Il l’aimait beaucoup. Et je dirais qu’il aimait « surtout » Brassens ! Ça l’amusait de savoir que je côtoyais Georges… D’ailleurs, j’avais offert à Georges les disques de Renaud, qu’il connaissait avant que je lui en parle.

(Renaud assis derrière Brassens sur un plateau de télévision en 1978)

— Quel était l’entourage de Renaud à l’époque ?


Il y avait sa femme, bien sûr, ses frères, un peu, mais surtout ses copains du Splendid, la bande à Coluche. Il était très copain avec Martin Lamotte. On le voyait souvent. C’était plutôt sain, son entourage.


— Pour quelles raisons vous êtes-vous séparés ?

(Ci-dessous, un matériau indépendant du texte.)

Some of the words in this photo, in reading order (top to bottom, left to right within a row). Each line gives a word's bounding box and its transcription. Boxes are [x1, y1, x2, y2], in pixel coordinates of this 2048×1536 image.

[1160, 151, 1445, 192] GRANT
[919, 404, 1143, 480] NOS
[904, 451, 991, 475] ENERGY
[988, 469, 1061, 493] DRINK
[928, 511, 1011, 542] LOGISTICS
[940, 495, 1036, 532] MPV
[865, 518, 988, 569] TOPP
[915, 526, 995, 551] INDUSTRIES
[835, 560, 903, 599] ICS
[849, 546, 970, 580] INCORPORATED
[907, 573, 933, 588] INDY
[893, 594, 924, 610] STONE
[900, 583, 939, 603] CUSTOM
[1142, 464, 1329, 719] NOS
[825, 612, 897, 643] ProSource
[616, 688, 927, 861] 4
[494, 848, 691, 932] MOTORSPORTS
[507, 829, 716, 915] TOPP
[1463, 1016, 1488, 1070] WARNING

Compte tenu du talent de Renaud, je lui avais laissé la possibilité, à sa volonté, au moment où il le voudrait, de devenir co-éditeur. Ça s’est passé rapidement. Vous savez, un éditeur a une chanson, paroles et musique ; il faut ensuite, le plus souvent, qu’il trouve un interprète. Mais si l’auteur, ou le compositeur, ou l’auteur-compositeur est interprète, il a déjà fait 50% du travail de l’éditeur. Donc c’est normal qu’on partage. J’ai toujours vu les choses comme ça. Nous avons donc travaillé ensemble longtemps et un jour Bertrand de Labbey, qui était devenu son agent, m’a dit : «N’y voyez pas de… mais maintenant c’est moi qui...» Etc. Et nous nous sommes perdus de vue. Sans fâcherie aucune. Nous avions fini par avoir des rapports... «proches», je dirais. Quand il a eu Lola, sa femme avait la même voiture que mon épouse. J’avais eu un fils avant que Renaud et Dominique n’aient une fille. Un samedi matin, j’avais enlevé le siège dont mon fils n’avait plus besoin dans la voiture de ma femme pour le monter dans celle de l’épouse de Renaud ! (Rires) Ça me revient, là.

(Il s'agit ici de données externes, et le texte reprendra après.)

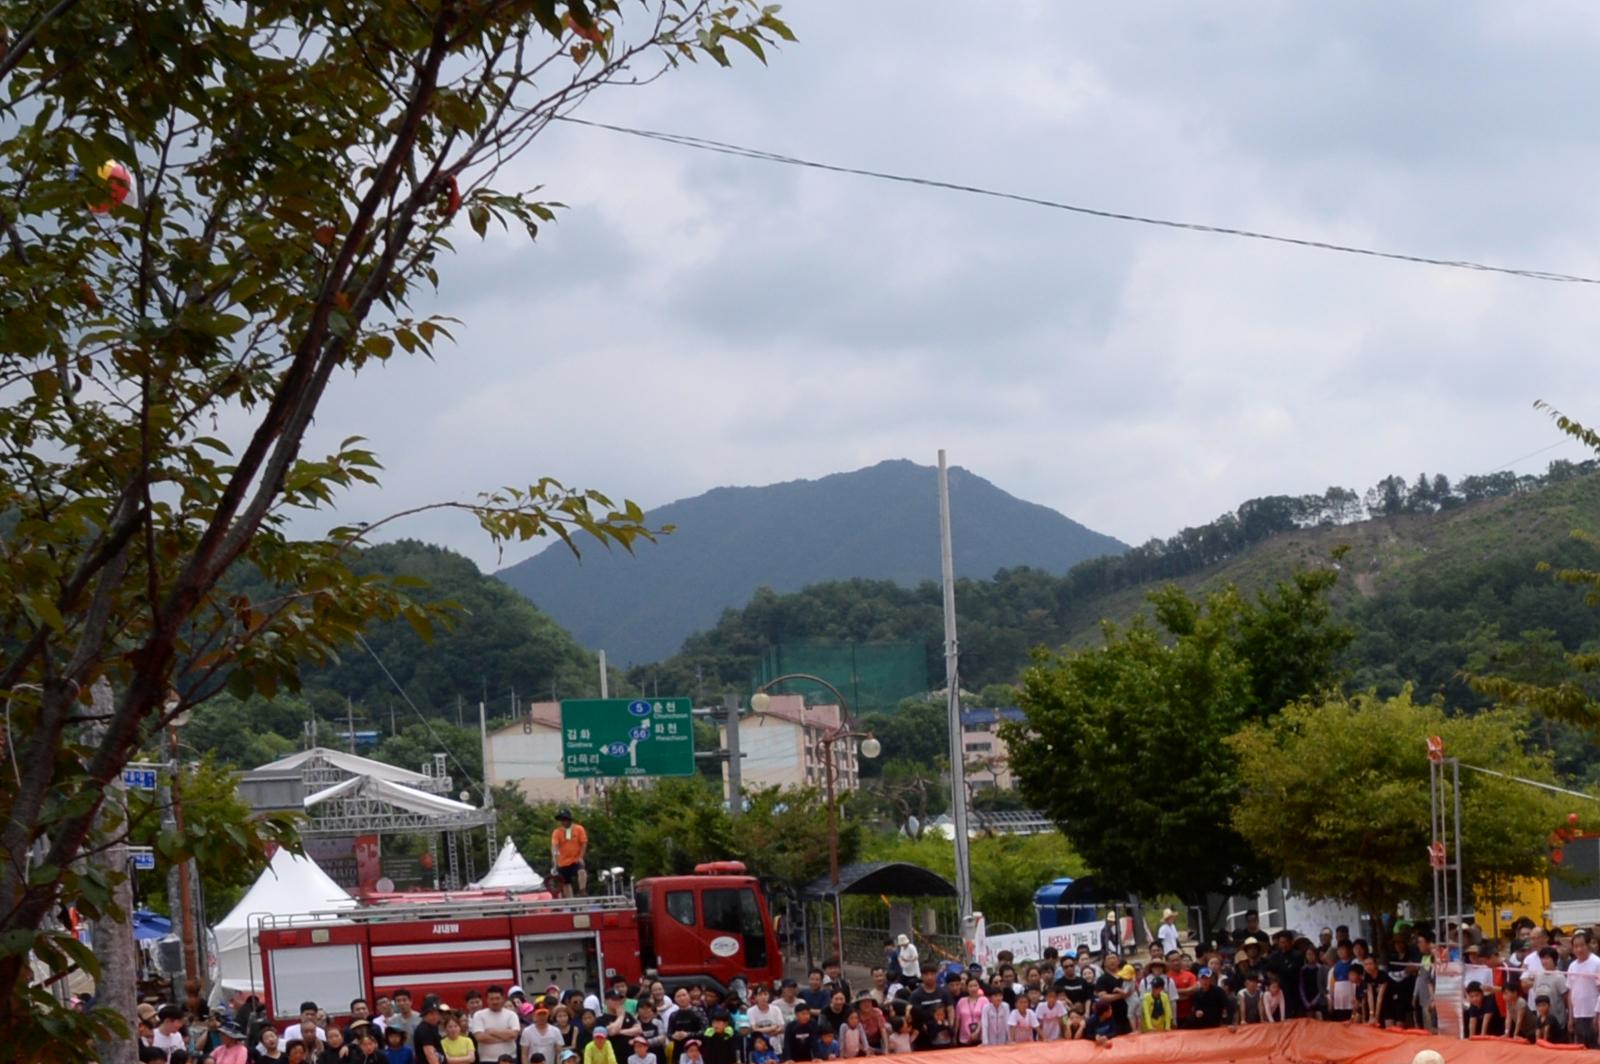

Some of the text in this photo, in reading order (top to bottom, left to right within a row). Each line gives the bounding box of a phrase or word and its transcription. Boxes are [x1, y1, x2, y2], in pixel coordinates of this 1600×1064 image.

[523, 720, 533, 735] 6
[633, 729, 647, 738] 56
[611, 745, 625, 754] 56

— David Séchan, qui s’occupera quelques années plus tard des éditions de son frère jumeau, m’a dit : «Renaud a beaucoup de respect pour Gérard Davoust qui a été un très bon éditeur, scrupuleusement honnête.»


Oui, parce que (rires)… Ce partage dont je vous parlais à l’instant, je l’avais proposé verbalement à Renaud. Je fonctionne à la parole, et à l’habitude. Un jour, je vais le rejoindre en tournée, et je vois qu’il me fait la gueule. Je lui dit : «Qu’est-ce qu’il y a ?» Il me dit en bougonnant : «De Labbey m’a dit que c’était pas écrit dans le contrat…» Je lui réponds : «Je ne t’ai jamais dit que je l’écrivais ! Mais quand je dis quelque chose, je m’y tiens. Le jour où tu souhaiteras monter une société et qu’on te rétrocède la moitié de tes œuvres, ça se passera, et je n’ai pas besoin de l’avoir écrit ni qu’on t’en dise quoi que ce soit. Si c’est aujourd’hui, c’est aujourd’hui.» (Rires) Ça l’avait stupéfié ! Et en effet, le moment venu, ça s’est passé comme je le lui avais dit.


— David Séchan ajoutant : «Par ailleurs, Gérard a été un peu mon mentor quand j’ai démarré dans l’édition et j’entretiens avec lui des rapports très amicaux.» Voilà. Je fais passer me message.


C’est gentil comme tout de la part de David. Ensuite, avec Renaud, si nos chemins se sont séparés, ils se rejoignaient parfois, tard dans la nuit, à la Closerie des Lilas puisque Renaud avait noué une amitié avec quelqu’un que j’aimais infiniment, Étienne Roda-Gil – nous avons fait parmi tant d’autres chansons « Le Lac majeur » avec Mort Shuman…


— Si l’éditeur que vous êtes devait résumer Renaud en quelques mots.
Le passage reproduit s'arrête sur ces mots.